Blog Analyzer: Quality Audit & Scoring

Scores blog posts on a 0-100 scale across 5 categories and provides prioritized improvement recommendations. Includes AI content detection analysis. Works with local files or published URLs.

Reference documents (paths from repo root):

skills/blog/references/quality-scoring.md: full scoring checklist
skills/blog/references/eeat-signals.md: E-E-A-T evaluation criteria
skills/blog/references/ai-slop-detection.md: two-tier reflex methodology (v1.8.0)
skills/blog/references/editorial-heuristics.md: ordinal 0-4 rubric, P0-P3 severity (v1.8.0, used with --rubric)
skills/blog/references/cognitive-load.md: per-section concept density (v1.8.0, used with --cognitive-load)

Input Handling

Local file: Read the file directly
URL: Fetch with WebFetch, extract content
Directory: Scan for blog files, audit all (batch mode)
Flags: --format json|table, --batch, --sort score, --rubric, --cognitive-load

Optional Modes (v1.8.0)

--rubric: in addition to the 100-point score, emit the ordinal 0-4 editorial-heuristics rubric with P0-P3 severity tags. See skills/blog/references/editorial-heuristics.md. The 100-point JSON schema is preserved; the rubric is added as a sibling rubric field.
--cognitive-load: run scripts/cognitive_load.py against the post and embed the per-section load heatmap as a sibling cognitive_load field. See skills/blog/references/cognitive-load.md.

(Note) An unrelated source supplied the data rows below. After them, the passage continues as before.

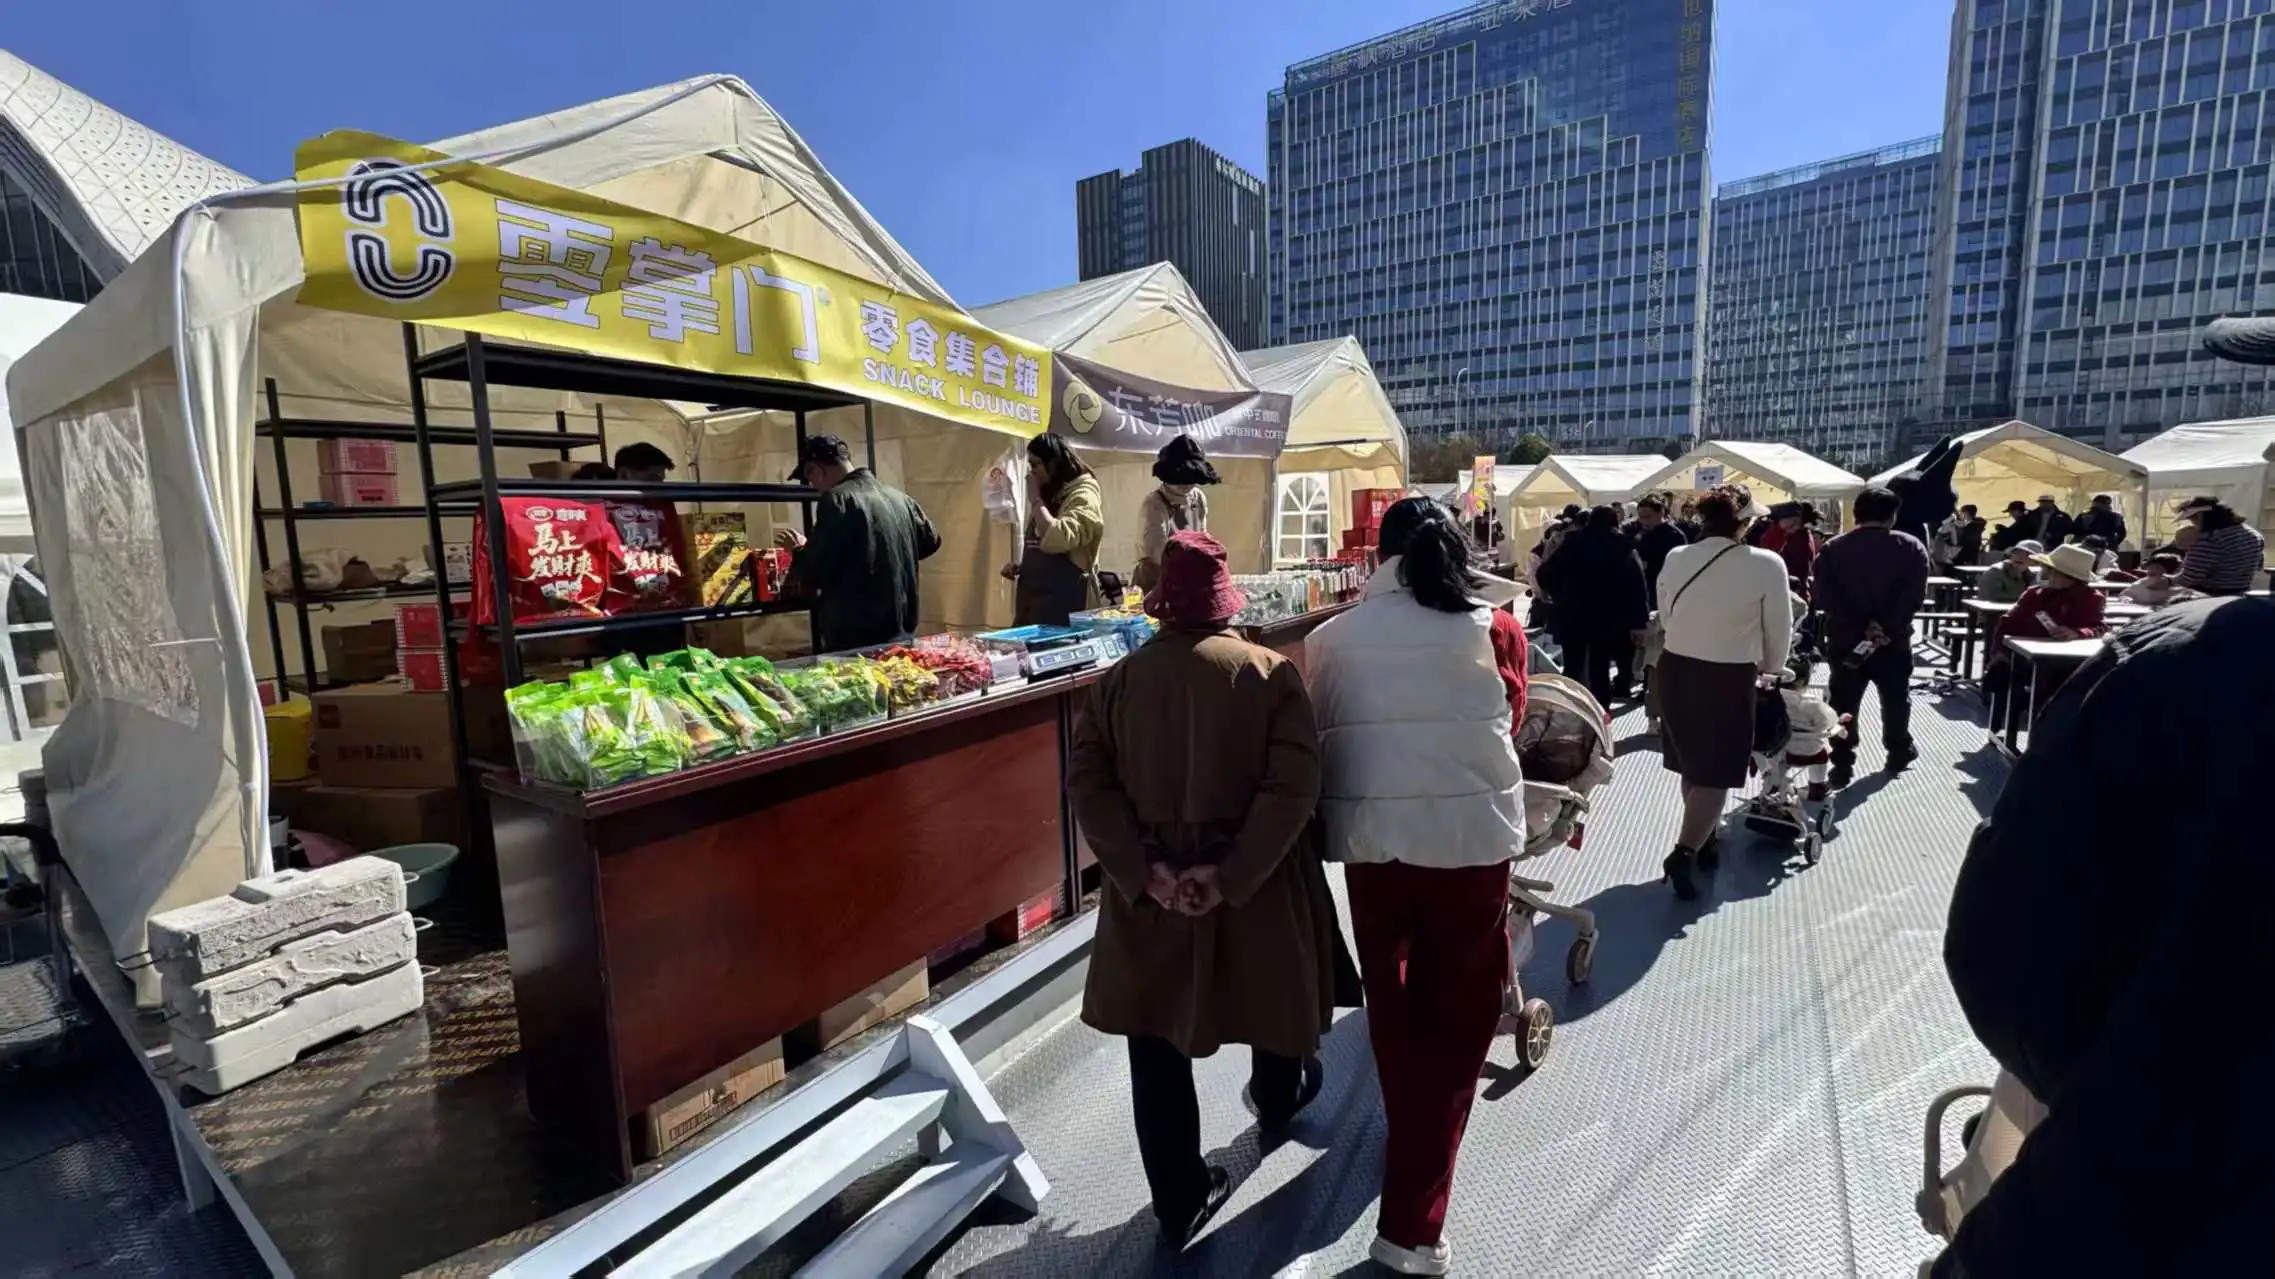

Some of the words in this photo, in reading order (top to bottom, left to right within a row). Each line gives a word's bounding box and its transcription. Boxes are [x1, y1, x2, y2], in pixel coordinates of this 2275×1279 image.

[495, 199, 821, 365] 零掌门
[860, 300, 1041, 399] 零食集合铺
[862, 356, 946, 402] SNACK
[958, 387, 1042, 425] LOUNGE
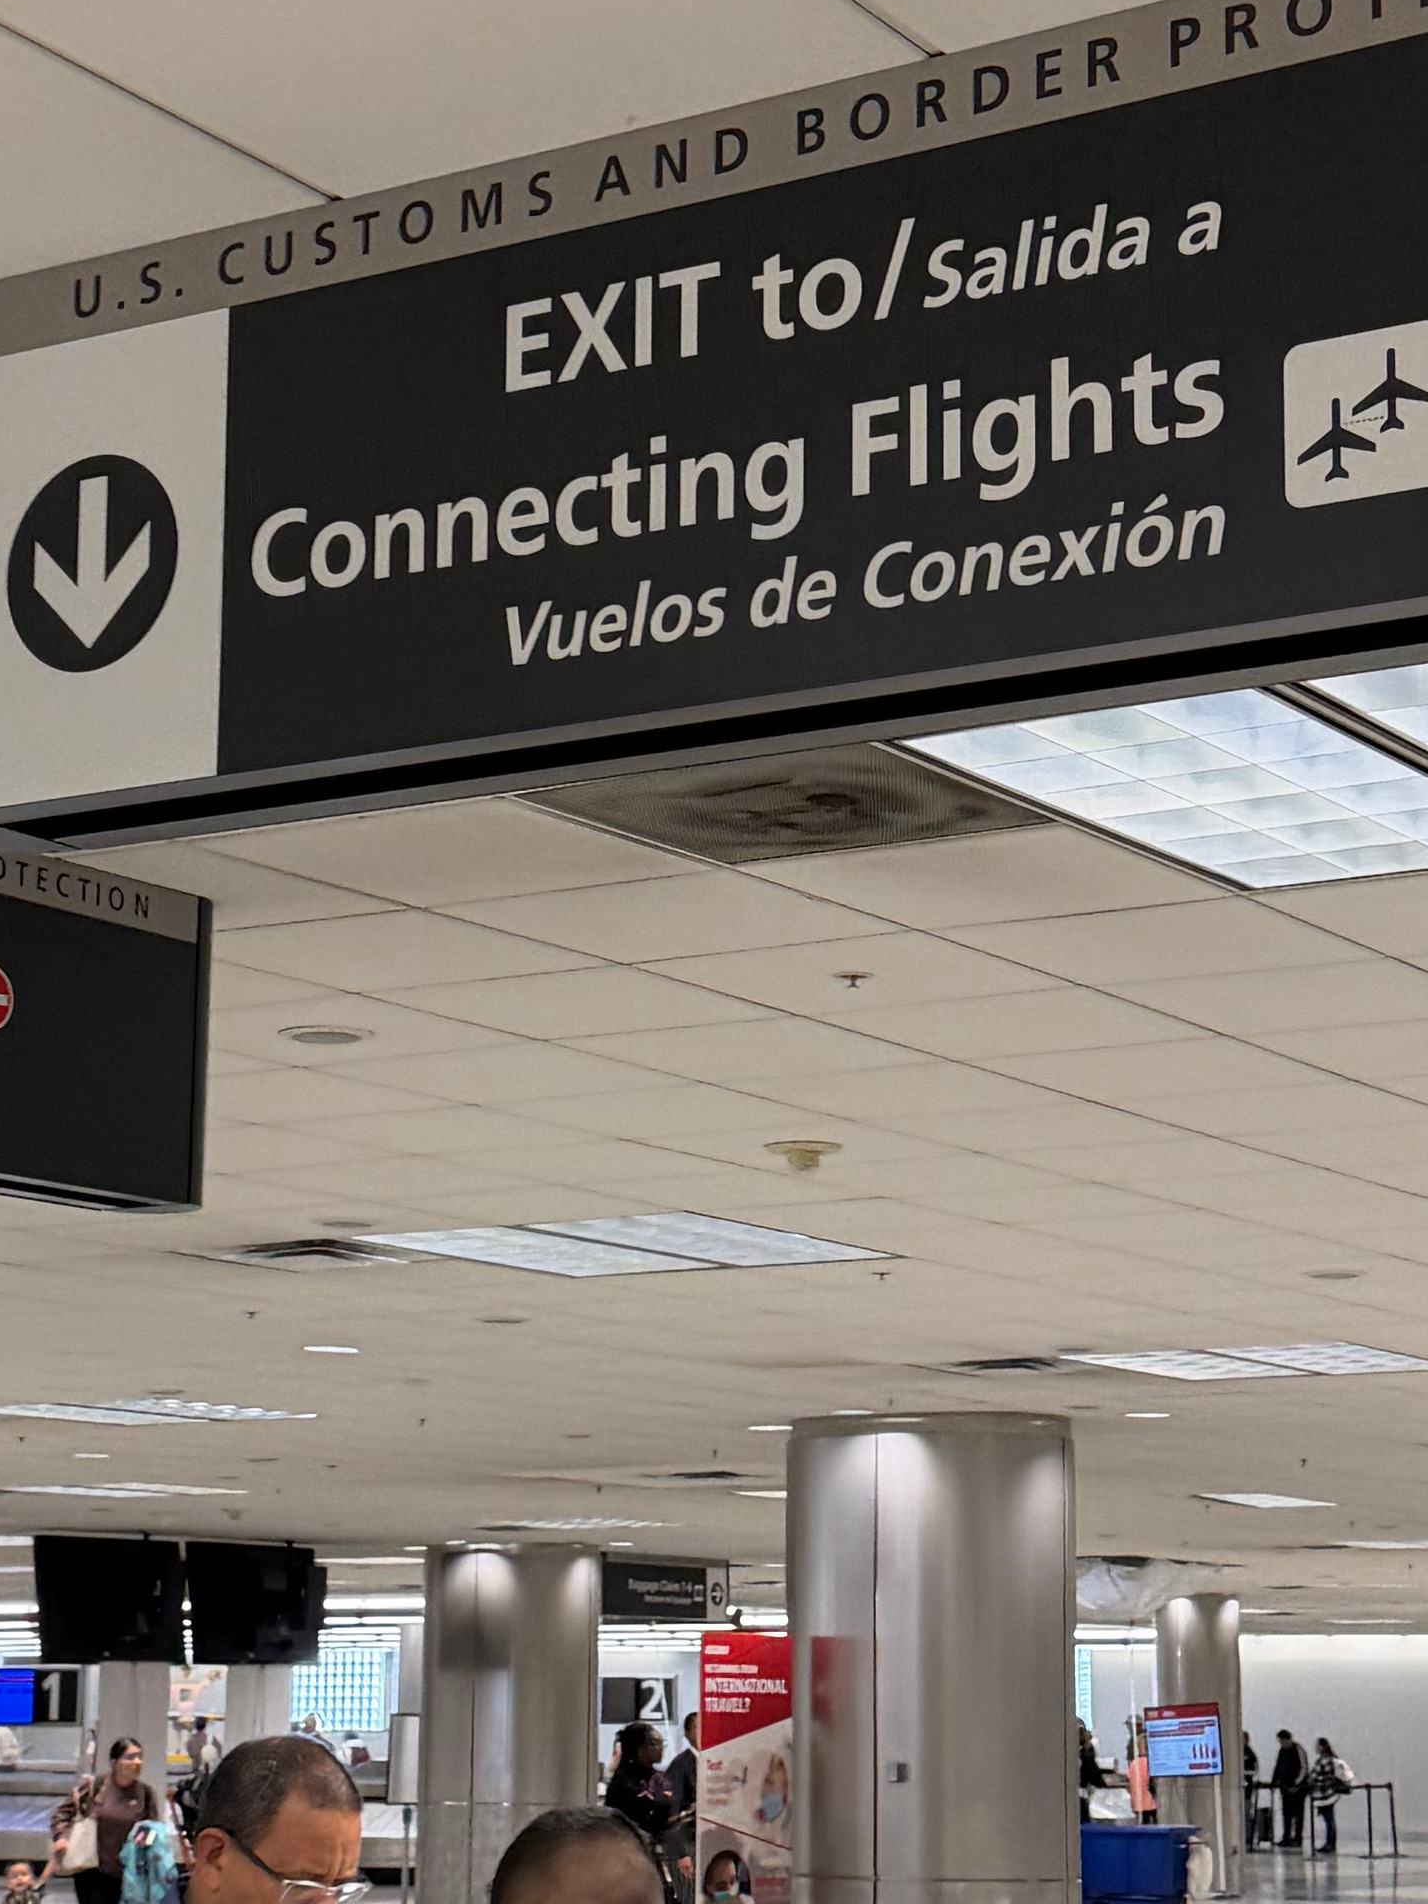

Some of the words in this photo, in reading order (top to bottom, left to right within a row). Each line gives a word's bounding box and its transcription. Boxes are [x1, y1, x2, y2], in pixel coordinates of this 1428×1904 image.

[72, 261, 184, 319] U.S.
[216, 171, 554, 286] CUSTOMS
[594, 127, 750, 203] AND
[795, 35, 1122, 156] BORDER
[504, 260, 722, 394] EXIT
[1176, 200, 1223, 255] a
[250, 434, 806, 598] Connecting
[851, 354, 1226, 502] Flights
[505, 581, 727, 667] Vuelos
[748, 557, 834, 629] de
[862, 493, 1226, 610] Conexión
[41, 1671, 61, 1721] 1
[639, 1679, 663, 1720] 2

Both modes are additive. The default behavior (no flags) is unchanged from v1.7.1.

Scoring Process

Step 1: Content Extraction

Read the blog post and extract:

Frontmatter (title, description, date, lastUpdated, author, tags)
Heading structure (H1, H2, H3 with hierarchy)
Paragraph count and word counts per paragraph
Statistics (any number claims with or without sources)
Images (count, alt text presence, format)
Charts/SVGs (count, type diversity)
Links (internal, external, broken)
FAQ section presence
Schema markup (types present)
Meta tags (title, description, OG tags, twitter cards)
Sentence lengths for burstiness analysis
Vocabulary tokens for diversity scoring

Step 2: Score Each Category

Load references/quality-scoring.md for the full checklist. Score each:

Content Quality (30 points)

Check	Points	Pass Criteria
Depth/comprehensiveness	7	Covers topic thoroughly, no major gaps
Readability (Flesch 60-70)	7	Flesch 60-70 ideal, 55-75 acceptable; Grade 7-8; Gunning Fog 7-8
Originality/unique value markers	5	Original data, case studies, first-hand experience
Sentence & paragraph structure	4	Avg sentence 15-20 words, ≤25% over 20; paragraphs 40-80 words; H2 every 200-300 words
Engagement elements	4	Summary box, callouts, varied content blocks. Accepts: "TL;DR", "Key Takeaways", "The Bottom Line", "What You'll Learn", "At a Glance", "In Brief"
Grammar/anti-pattern	3	Passive voice ≤10%, AI trigger words ≤5/1K, transition words 20-30%, clean prose

Readability Bands (apply per persona, or use default):

Audience	Flesch Grade	Flesch Ease	Scoring Impact
Consumer	6-8	60-80	Full points if in range
Professional	8-10	50-60	Full points if in range
Technical	10-12	30-50	Full points if in range
Default (no persona)	7-8	60-70	Current scoring unchanged

Content clarity is the #2 factor for AI citation probability (+32.83% score differential). Average US adult reads at 7th-8th grade level.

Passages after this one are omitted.